____ LISTED RECORDS

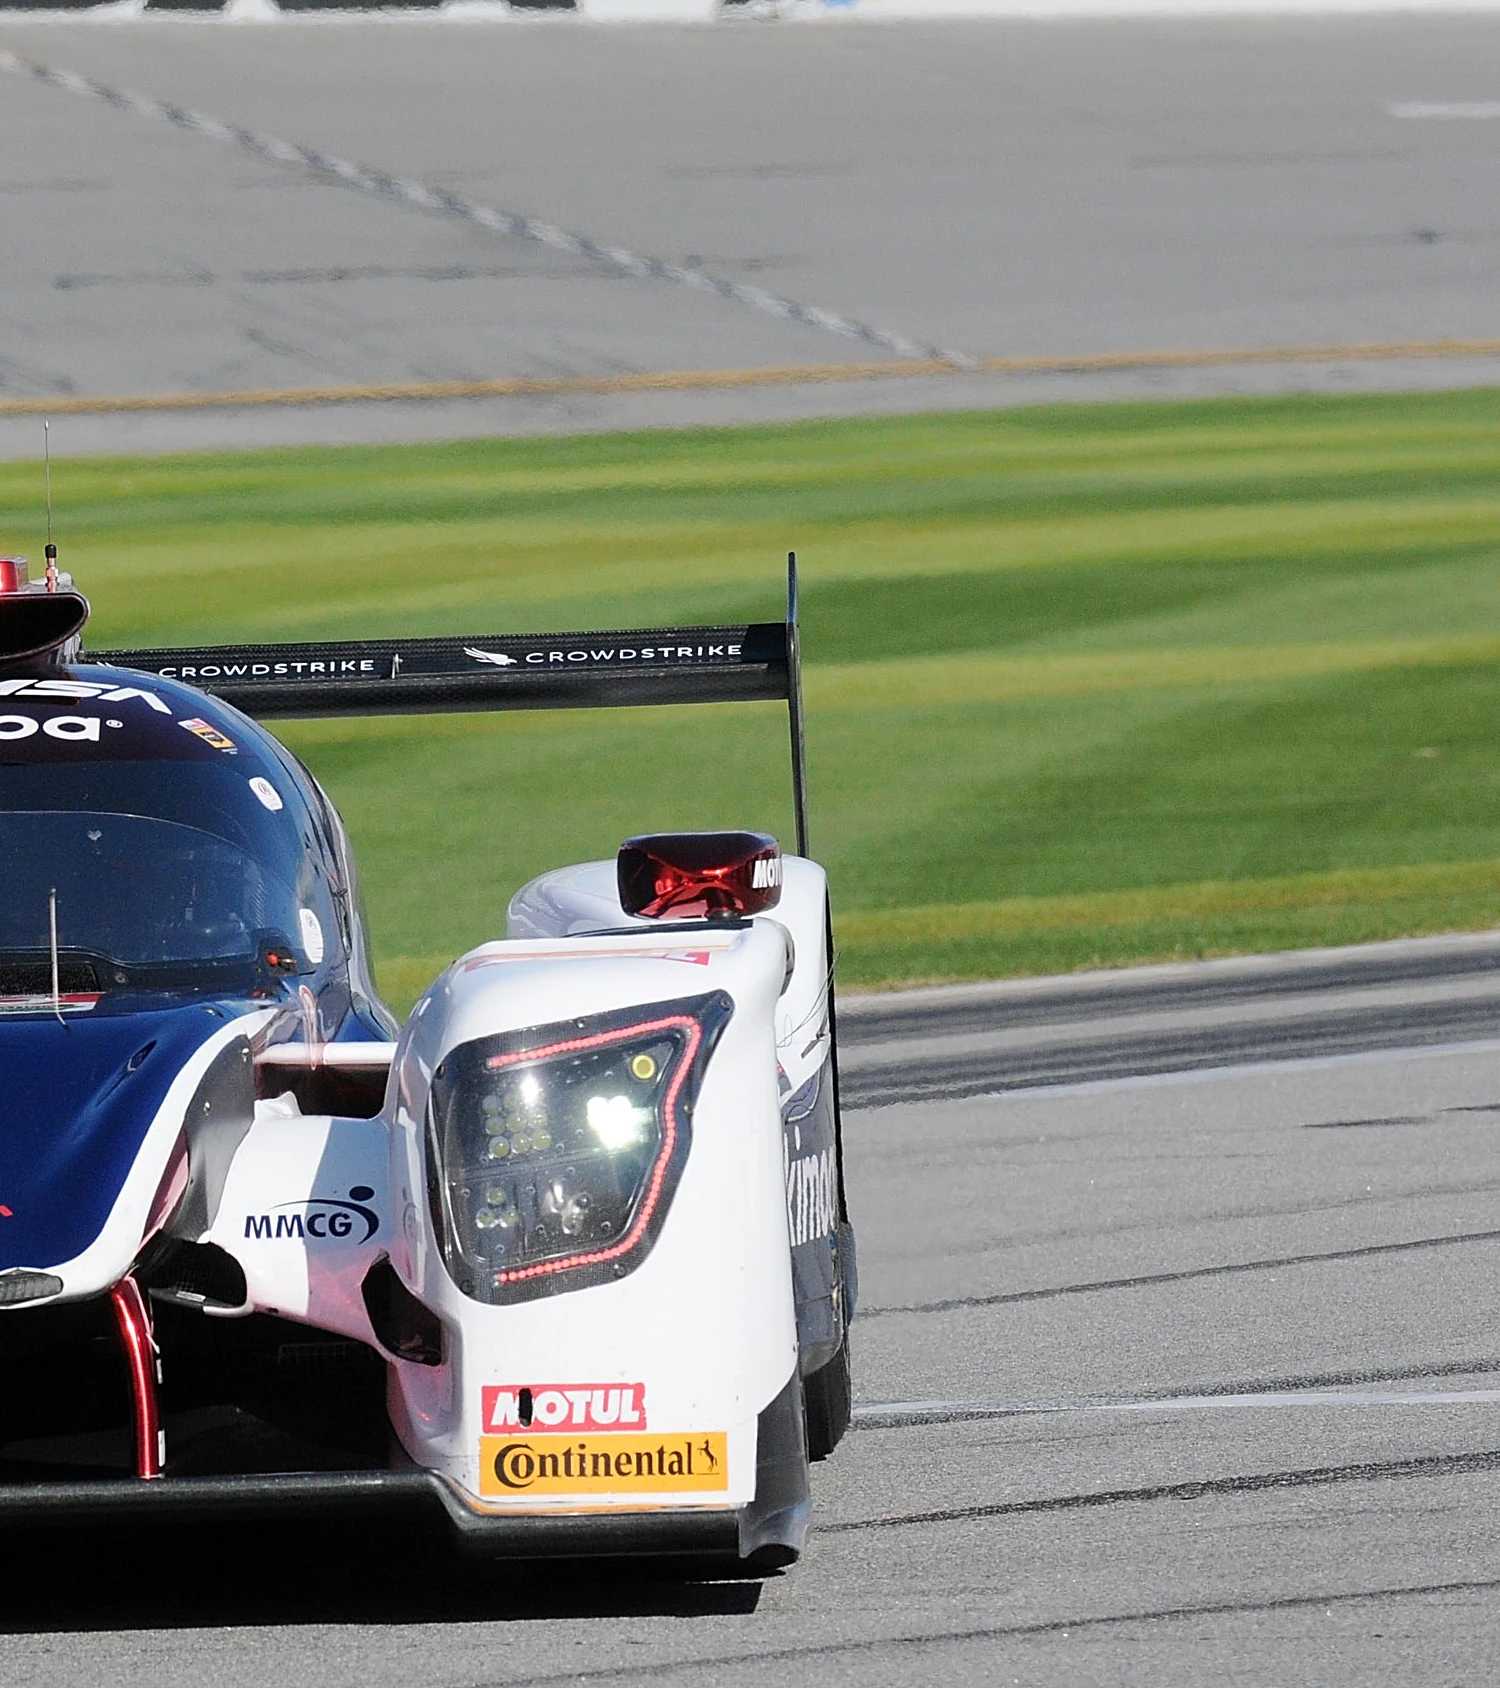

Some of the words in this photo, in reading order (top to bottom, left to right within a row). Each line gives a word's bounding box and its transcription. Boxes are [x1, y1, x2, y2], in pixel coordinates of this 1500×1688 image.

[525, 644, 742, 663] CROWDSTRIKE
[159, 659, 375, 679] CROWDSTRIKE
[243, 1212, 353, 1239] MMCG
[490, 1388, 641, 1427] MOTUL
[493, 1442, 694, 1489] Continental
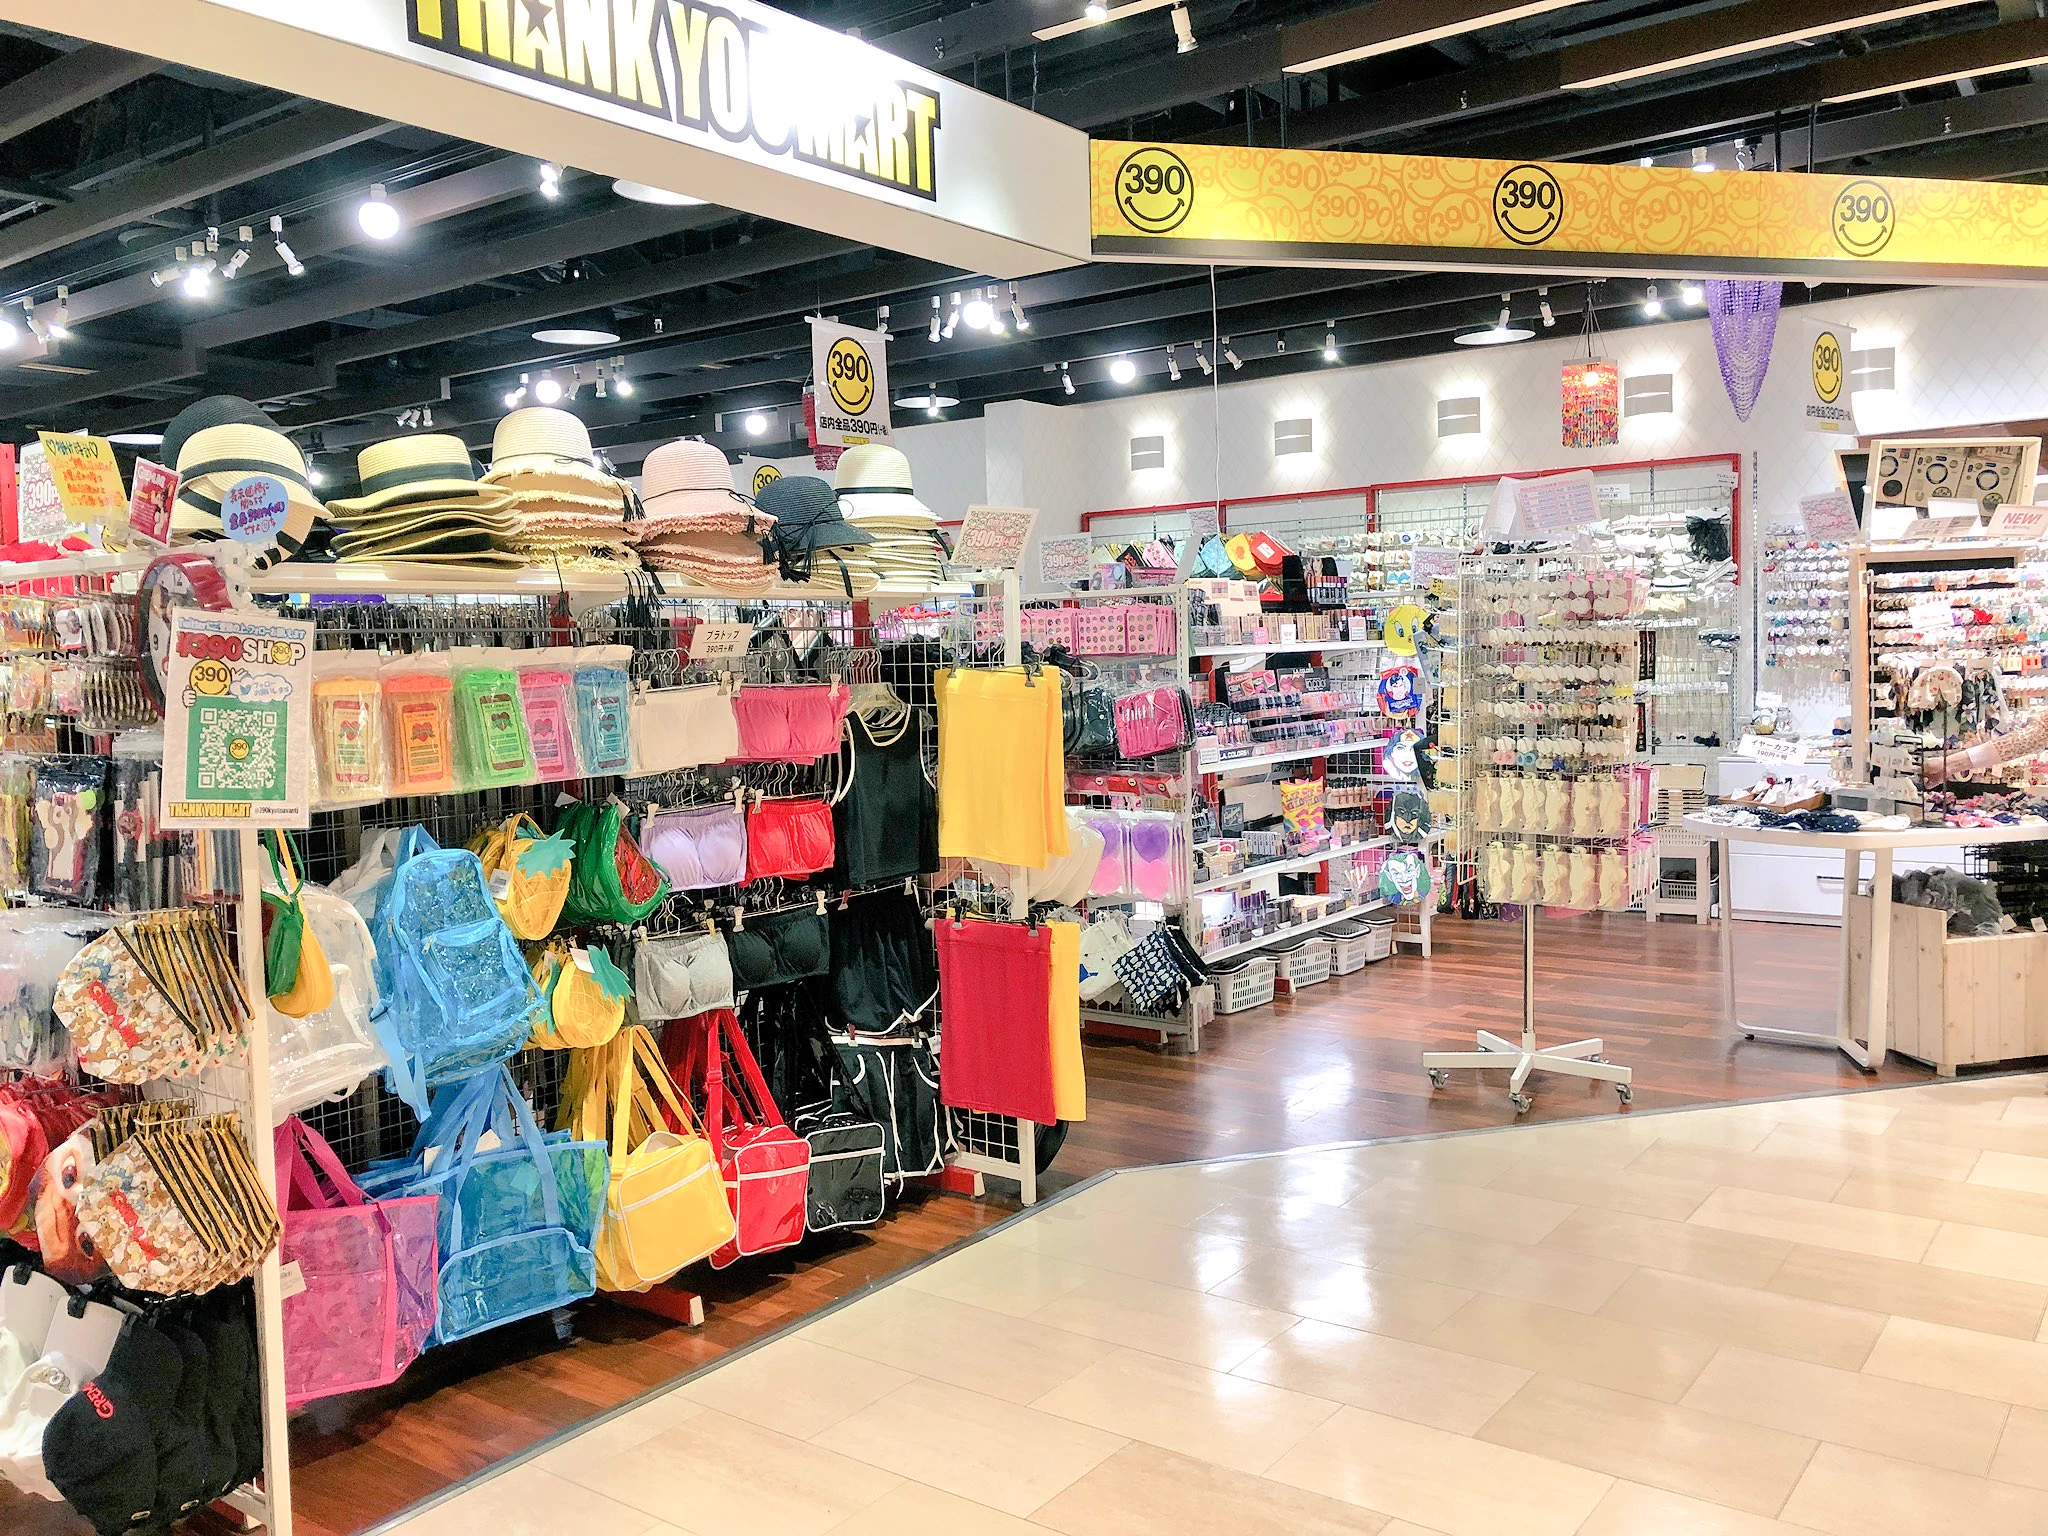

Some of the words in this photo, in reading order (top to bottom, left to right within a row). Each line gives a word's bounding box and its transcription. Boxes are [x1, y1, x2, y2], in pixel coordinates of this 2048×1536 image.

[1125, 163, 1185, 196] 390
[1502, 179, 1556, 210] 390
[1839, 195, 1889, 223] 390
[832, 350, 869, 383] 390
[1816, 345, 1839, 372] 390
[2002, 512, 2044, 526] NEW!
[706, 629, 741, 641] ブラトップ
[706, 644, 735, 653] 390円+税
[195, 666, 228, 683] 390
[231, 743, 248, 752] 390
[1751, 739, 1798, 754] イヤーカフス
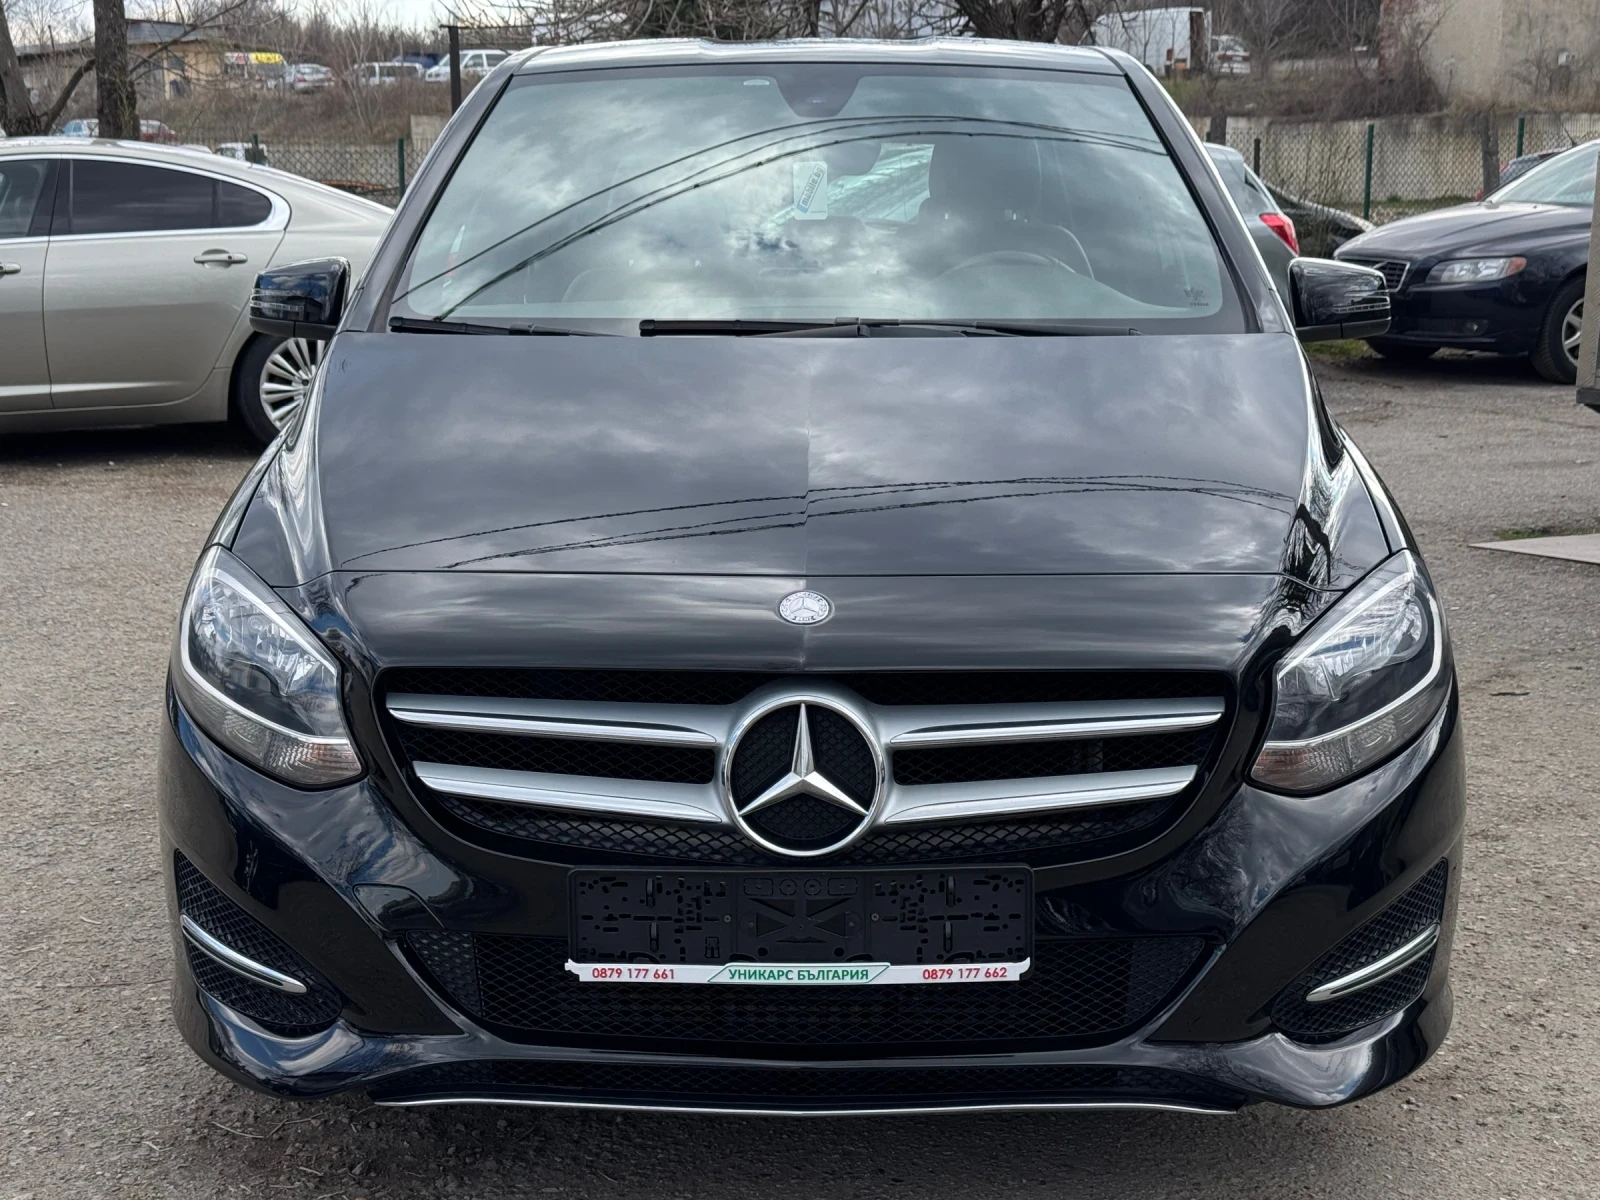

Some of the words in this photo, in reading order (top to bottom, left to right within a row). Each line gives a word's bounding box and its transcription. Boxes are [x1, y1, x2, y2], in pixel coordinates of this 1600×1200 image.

________

TO DO: Print the data above in full and exactly as it appears, skipping the pictures.

REPLY:
Some of the words in this photo, in reading order (top to bottom, left to right within a row). Each line gives a word's bounding box and its transcription. Boxes are [x1, y1, x2, y2], in pixel coordinates of this 1500×1688 image.

[525, 644, 742, 663] CROWDSTRIKE
[159, 659, 375, 679] CROWDSTRIKE
[243, 1212, 353, 1239] MMCG
[490, 1388, 641, 1427] MOTUL
[493, 1442, 694, 1489] Continental

Some of the words in this photo, in reading order (top to bottom, left to right within a row). Each line gives a word's bounding box and its transcription. Boxes are [x1, y1, x2, y2], in pixel coordinates of this 2048×1536 image.

[1125, 163, 1185, 196] 390
[1502, 179, 1556, 210] 390
[1839, 195, 1889, 223] 390
[832, 350, 869, 383] 390
[1816, 345, 1839, 372] 390
[2002, 512, 2044, 526] NEW!
[706, 629, 741, 641] ブラトップ
[706, 644, 735, 653] 390円+税
[195, 666, 228, 683] 390
[231, 743, 248, 752] 390
[1751, 739, 1798, 754] イヤーカフス

Some of the words in this photo, in reading order (top to bottom, left to right within a row). Each line gives a word's bounding box and its transcription. Boxes are [x1, y1, x2, y2], in pixel coordinates of this 1600×1200 image.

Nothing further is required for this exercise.